### [What is required]
Since the pictures are not wanted, reproduce only the rest of the records, exactly as given.

(Dataset entries)
********

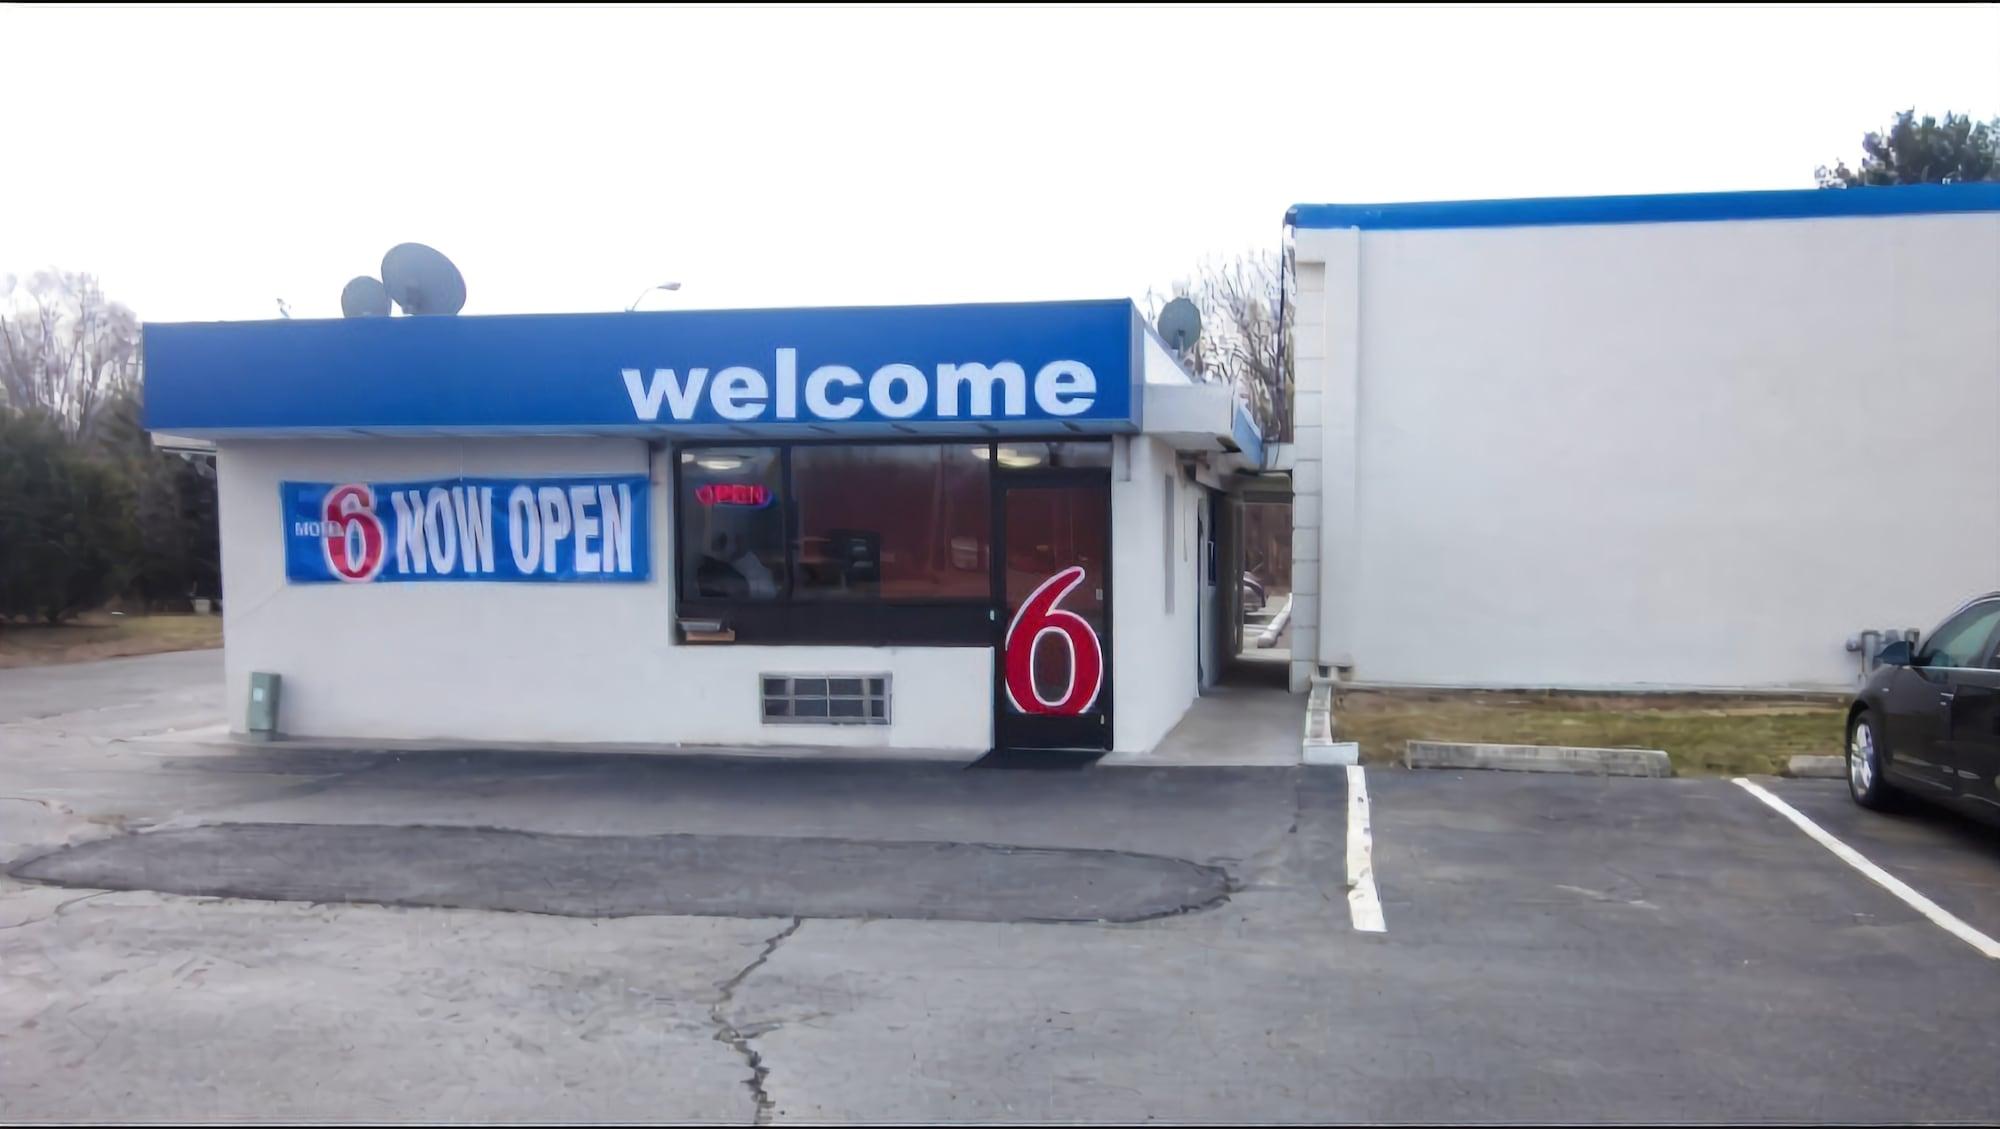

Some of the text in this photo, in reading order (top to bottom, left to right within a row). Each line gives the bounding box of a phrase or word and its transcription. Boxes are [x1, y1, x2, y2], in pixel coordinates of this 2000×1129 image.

[621, 347, 1097, 420] welcome
[322, 484, 386, 582] 6
[391, 484, 633, 574] NOW OPEN
[1004, 566, 1103, 714] 6
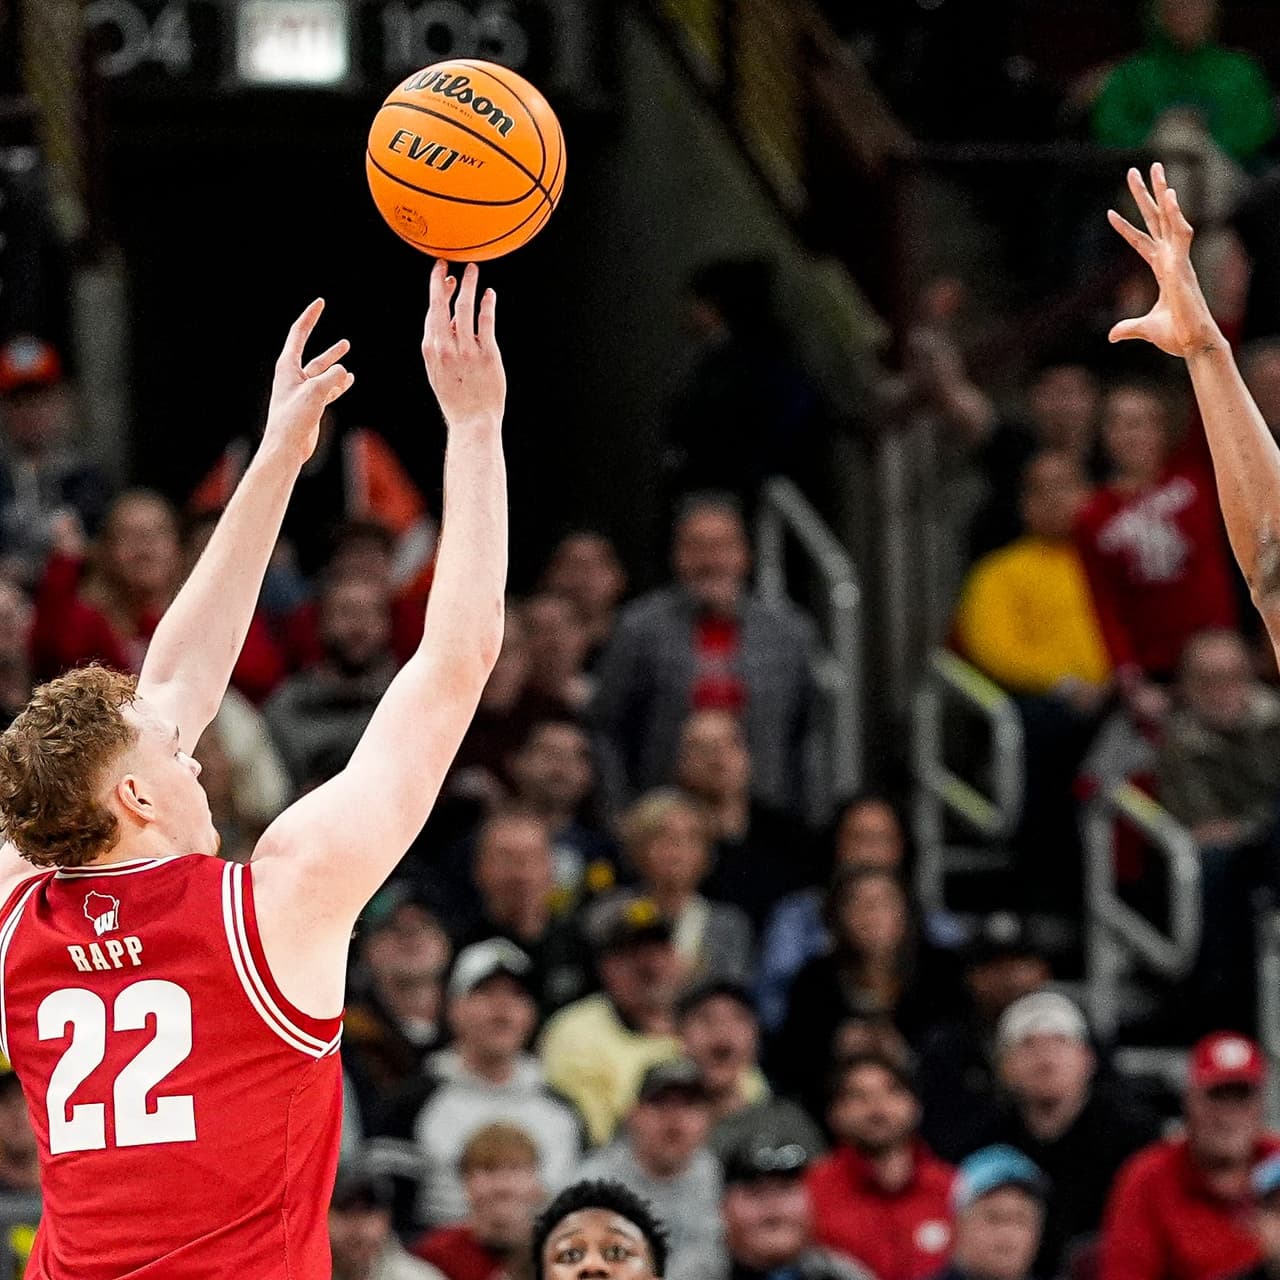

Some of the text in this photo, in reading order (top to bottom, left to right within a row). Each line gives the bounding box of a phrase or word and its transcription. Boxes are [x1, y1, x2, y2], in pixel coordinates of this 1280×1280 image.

[404, 70, 515, 138] Wilson
[459, 154, 487, 169] NXT
[66, 935, 144, 973] RAPP
[36, 978, 198, 1156] 22
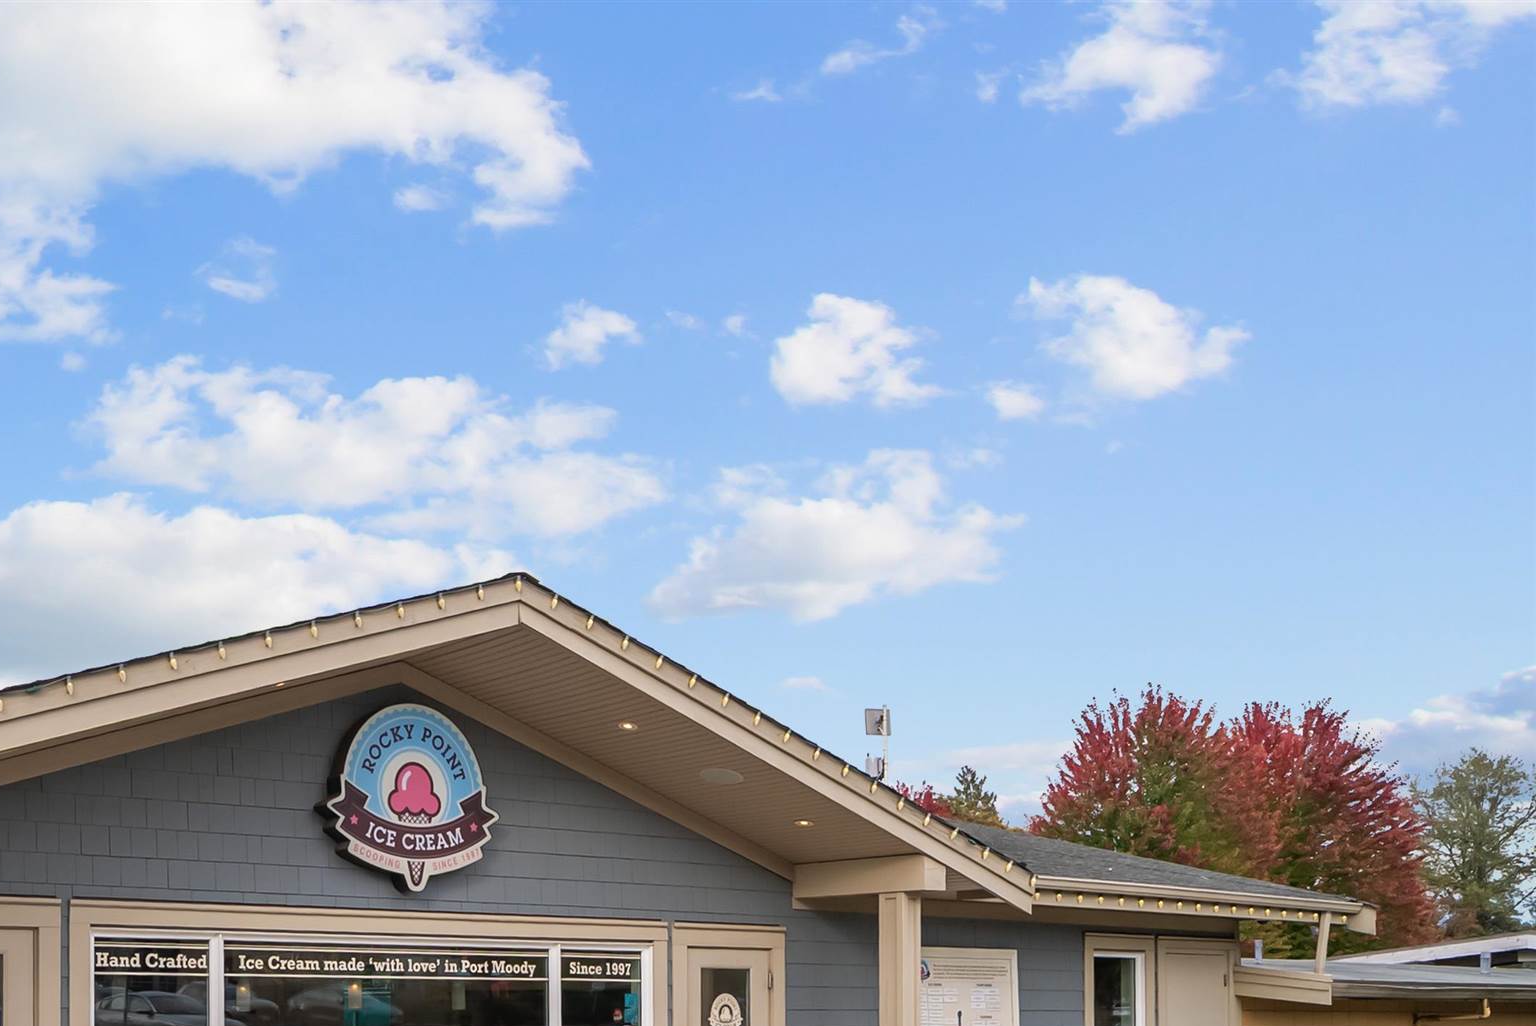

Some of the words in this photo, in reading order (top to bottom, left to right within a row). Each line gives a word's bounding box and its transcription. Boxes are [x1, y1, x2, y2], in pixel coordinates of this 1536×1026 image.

[362, 724, 414, 774] ROCKY
[421, 727, 466, 781] POINT
[365, 822, 397, 847] ICE
[402, 828, 464, 851] CREAM
[353, 843, 401, 869] SCOOPING
[432, 860, 458, 871] SINCE
[95, 952, 141, 968] Hand
[145, 953, 207, 969] Crafted
[238, 955, 264, 970] Ice
[268, 956, 320, 971] Cream
[323, 956, 364, 972] made
[444, 959, 458, 974] in
[461, 960, 489, 974] Port
[491, 960, 536, 977] Moody
[569, 962, 602, 975] Since
[605, 962, 632, 976] 1997

********

### [Task solution]
Some of the text in this photo, in reading order (top to bottom, left to right within a row). Each line gives the bounding box of a phrase or word and its transcription. Boxes are [x1, y1, x2, y2], in pixel coordinates of this 2000×1129 image.

[621, 347, 1097, 420] welcome
[322, 484, 386, 582] 6
[391, 484, 633, 574] NOW OPEN
[1004, 566, 1103, 714] 6

Some of the text in this photo, in reading order (top to bottom, left to right within a row). Each line gives the bounding box of a phrase or word and its transcription. Boxes are [x1, y1, x2, y2], in pixel coordinates of this 1280×1280 image.

[404, 70, 515, 138] Wilson
[459, 154, 487, 169] NXT
[66, 935, 144, 973] RAPP
[36, 978, 198, 1156] 22

Some of the words in this photo, in reading order (top to bottom, left to right within a row). Each line gives a word's bounding box and its transcription. Boxes are [x1, y1, x2, y2], in pixel coordinates of this 1536×1026 image.

[362, 724, 414, 774] ROCKY
[421, 727, 466, 781] POINT
[365, 822, 397, 847] ICE
[402, 828, 464, 851] CREAM
[353, 843, 401, 869] SCOOPING
[432, 860, 458, 871] SINCE
[95, 952, 141, 968] Hand
[145, 953, 207, 969] Crafted
[238, 955, 264, 970] Ice
[268, 956, 320, 971] Cream
[323, 956, 364, 972] made
[444, 959, 458, 974] in
[461, 960, 489, 974] Port
[491, 960, 536, 977] Moody
[569, 962, 602, 975] Since
[605, 962, 632, 976] 1997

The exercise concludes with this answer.